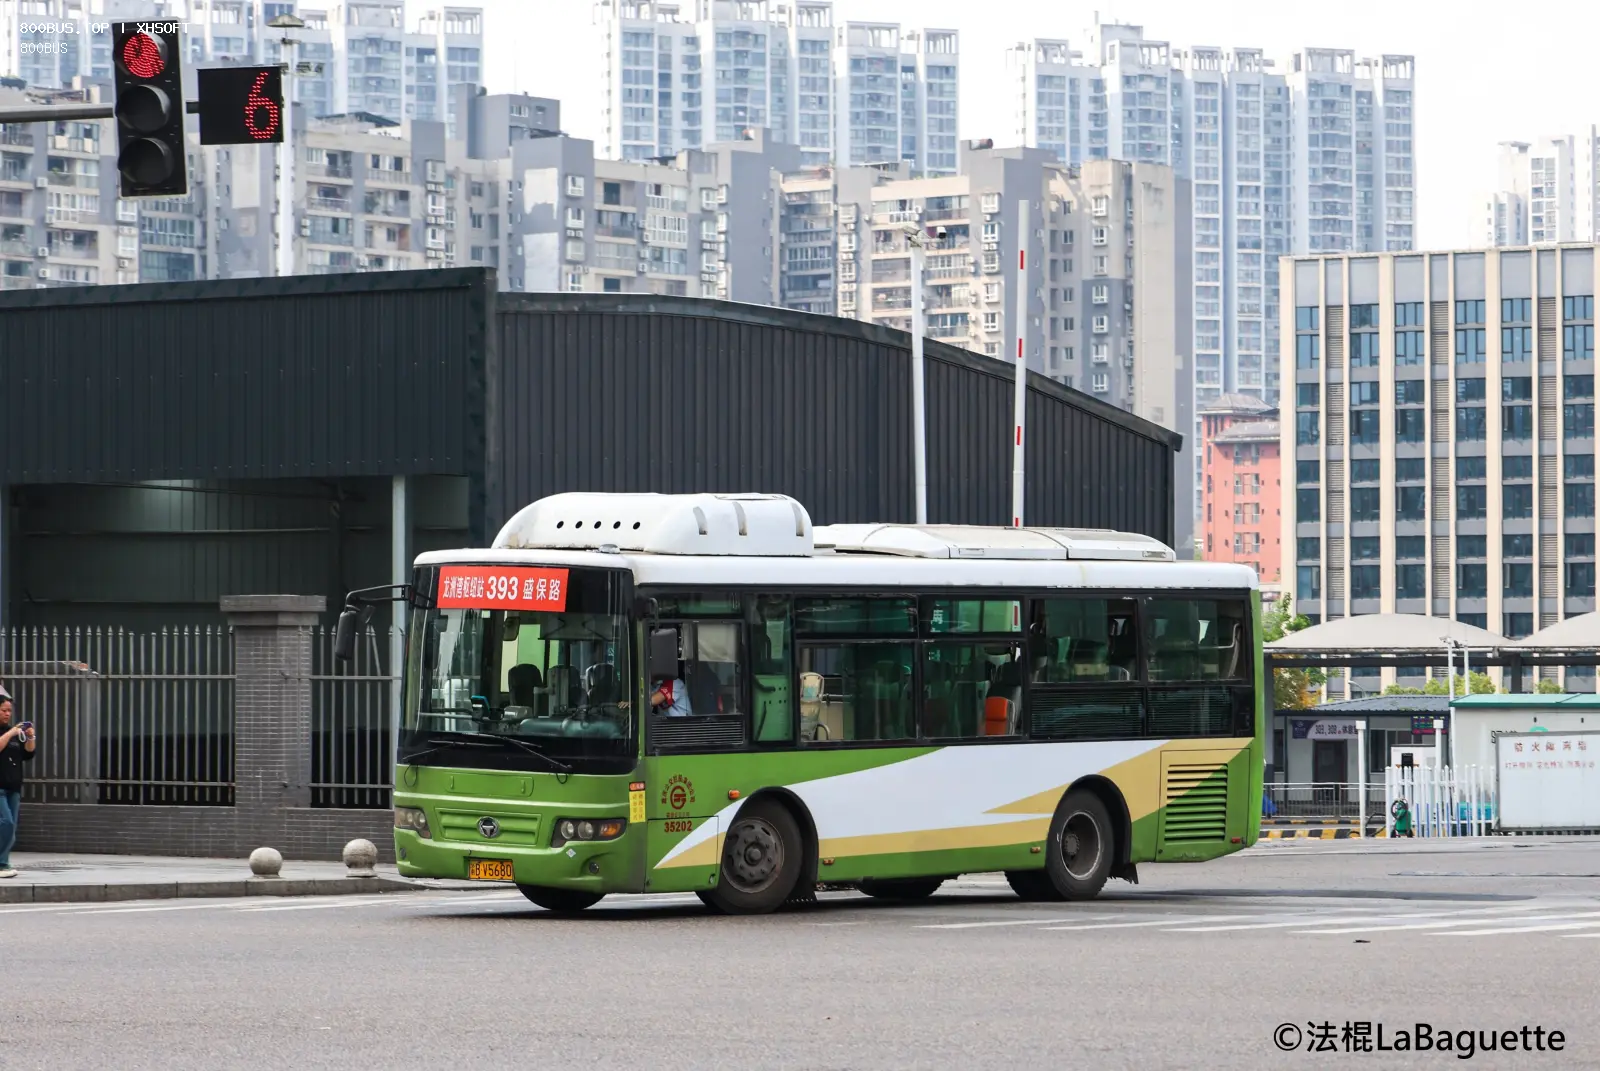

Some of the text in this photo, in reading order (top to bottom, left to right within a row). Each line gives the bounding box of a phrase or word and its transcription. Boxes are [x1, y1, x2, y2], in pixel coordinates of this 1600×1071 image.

[244, 71, 279, 139] 6
[442, 575, 561, 601] 龙洲湾枢纽站 393 盛保路
[664, 821, 693, 833] 35202
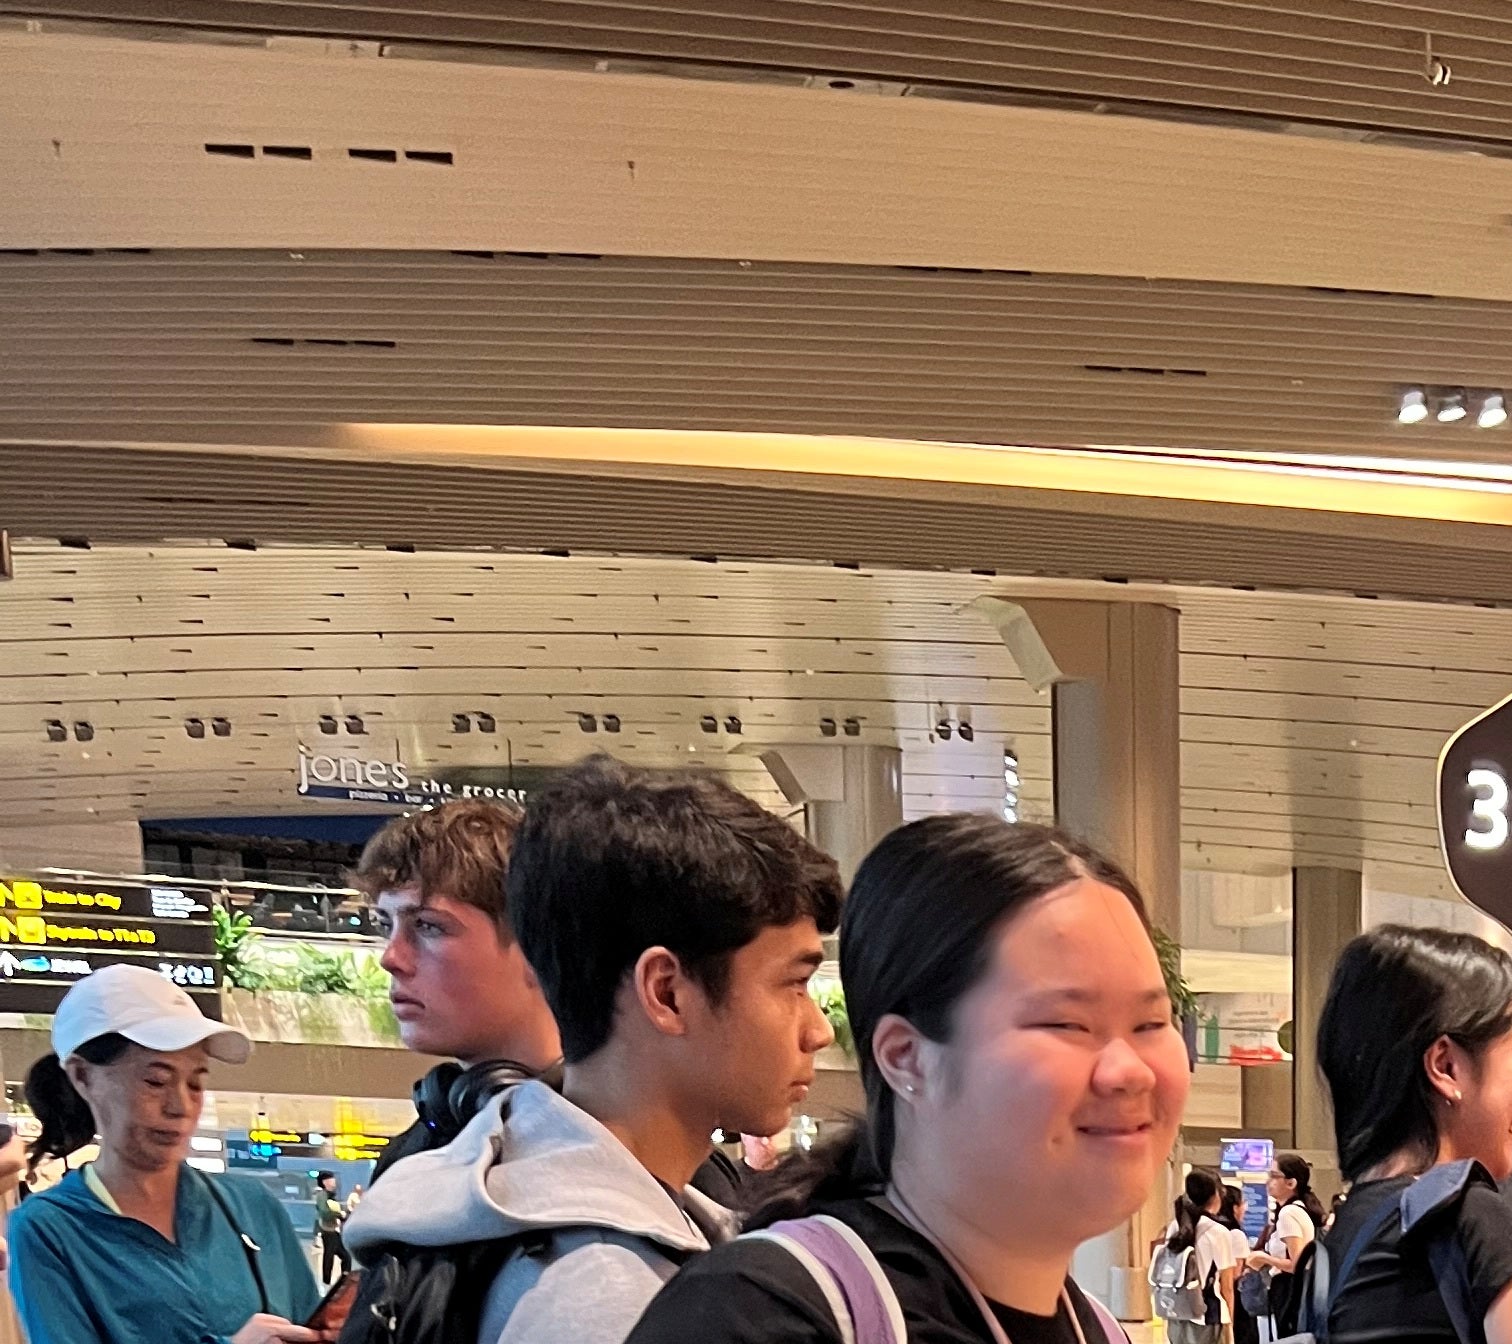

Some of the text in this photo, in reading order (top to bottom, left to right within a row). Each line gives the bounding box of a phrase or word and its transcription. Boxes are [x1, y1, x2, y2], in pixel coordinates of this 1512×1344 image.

Task description = Repeat all the records above exactly, leaving out any pictures.

Exercise response =
Some of the text in this photo, in reading order (top to bottom, left to right within a row). Each line gives the bounding box of a phrase or word and its transcription. Boxes are [x1, y1, x2, y2], in pixel coordinates of this 1600×1071 image.

[244, 71, 279, 139] 6
[442, 575, 561, 601] 龙洲湾枢纽站 393 盛保路
[664, 821, 693, 833] 35202

Some of the text in this photo, in reading order (top to bottom, left to right within a row). Each line gives the bounding box of a phrase or word and its transcription. Boxes are [x1, y1, x2, y2], in pixel coordinates of this 1512×1344 image.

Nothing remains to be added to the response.